Mice lacking Sgk3 (right) have thin coats and short, abnormal hairs.

To get a hairy mouse, look to the Sgk3 kinase. So say Alonso et al. on page 559.

The control of hair follicle growth has been an enigma for cell biologists. While growth factors such as EGF are known for their ability to stimulate proliferation in epithelial cells, EGF causes hair loss. In addition, the downstream signals that control hair growth are largely unknown. Now, an Akt relative called Sgk3 is identified as a hair growth kinase.

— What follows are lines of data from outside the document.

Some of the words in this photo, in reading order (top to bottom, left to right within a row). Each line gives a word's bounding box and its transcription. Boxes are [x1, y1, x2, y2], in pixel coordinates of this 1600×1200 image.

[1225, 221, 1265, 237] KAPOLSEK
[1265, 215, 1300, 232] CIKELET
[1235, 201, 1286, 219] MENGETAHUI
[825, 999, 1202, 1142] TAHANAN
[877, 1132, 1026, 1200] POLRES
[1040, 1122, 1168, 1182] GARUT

Similar to EGF treatment, loss of Sgk3 in mice results in short, thin hair coats due to problems in follicle growth. The engine for hair production is the hair bulb, which is composed of epithelial matrix cells at the follicle base. These cells, derived from follicle stem cells, differentiate to produce the hair. Throughout normal adult life, hair follicles undergo cycles of growth and shrinkage. In the sgk3 mutant, the shrinking phase begins prematurely, before the hair has fully developed.

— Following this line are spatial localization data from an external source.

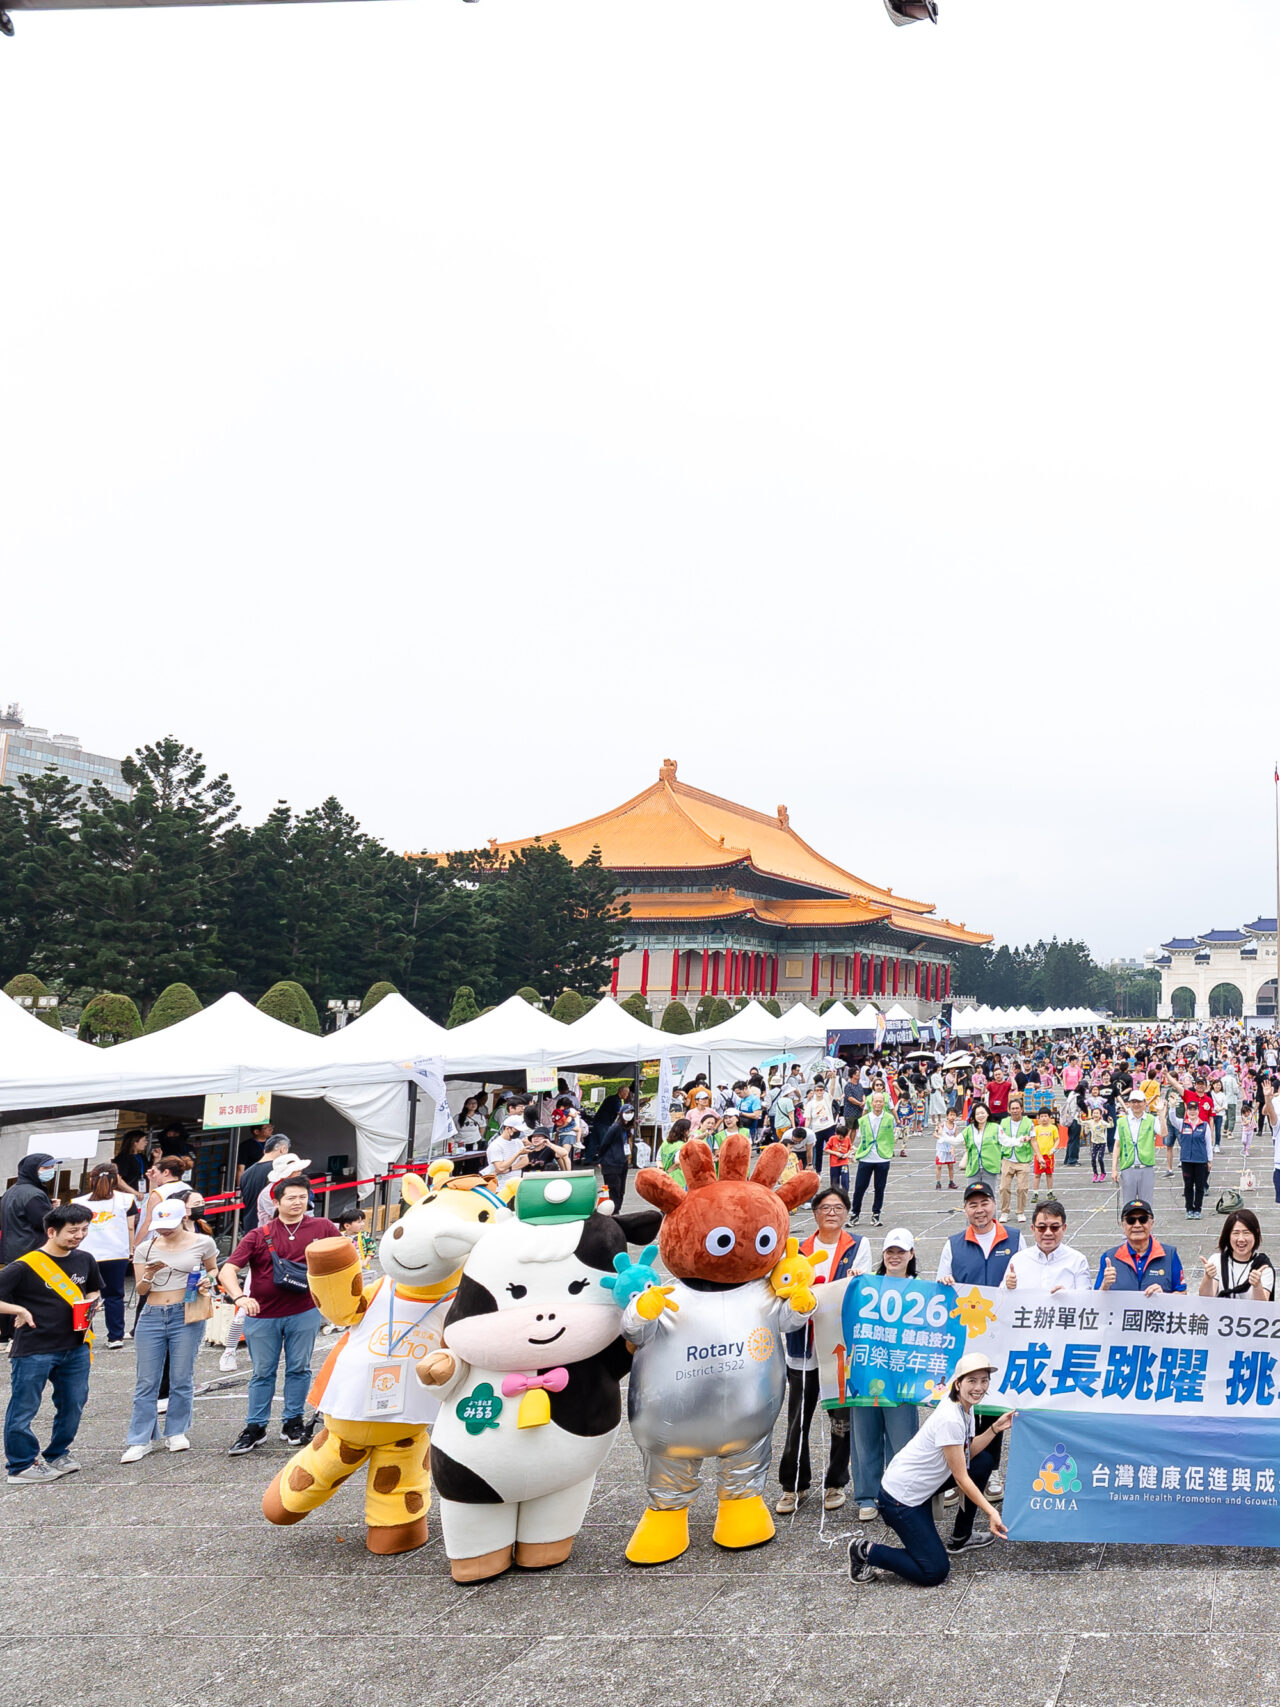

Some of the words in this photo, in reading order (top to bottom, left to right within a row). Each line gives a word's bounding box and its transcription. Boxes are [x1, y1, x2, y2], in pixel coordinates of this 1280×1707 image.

[858, 1287, 948, 1328] 2026
[901, 1329, 956, 1349] 健康接力
[686, 1341, 744, 1362] Rotary
[853, 1343, 949, 1375] 同樂嘉年華
[675, 1365, 714, 1381] District
[717, 1359, 745, 1374] 3522
[999, 1342, 1209, 1403] 成長跳躍
[463, 1407, 492, 1419] みるる
[1030, 1498, 1079, 1511] GCMA
[1109, 1491, 1140, 1501] Taiwan
[1143, 1493, 1173, 1502] Health
[1176, 1494, 1222, 1504] Promotion
[1225, 1496, 1242, 1505] and
[1245, 1496, 1278, 1507] Growth

Alonso et al. find that apoptosis, cell cycling, and differentiation timing are all roughly normal in the sgk3 mutant matrix. Recruitment of progenitors into the matrix, however, seems to be impaired, thus accelerating the exhaustion of the matrix cell supply and initiation of shrinkage. The question now is which compartment uses the kinase to control the maintenance of the matrix. It might be the matrix itself, the stem cell niche, or the outer root sheath connecting the two compartments.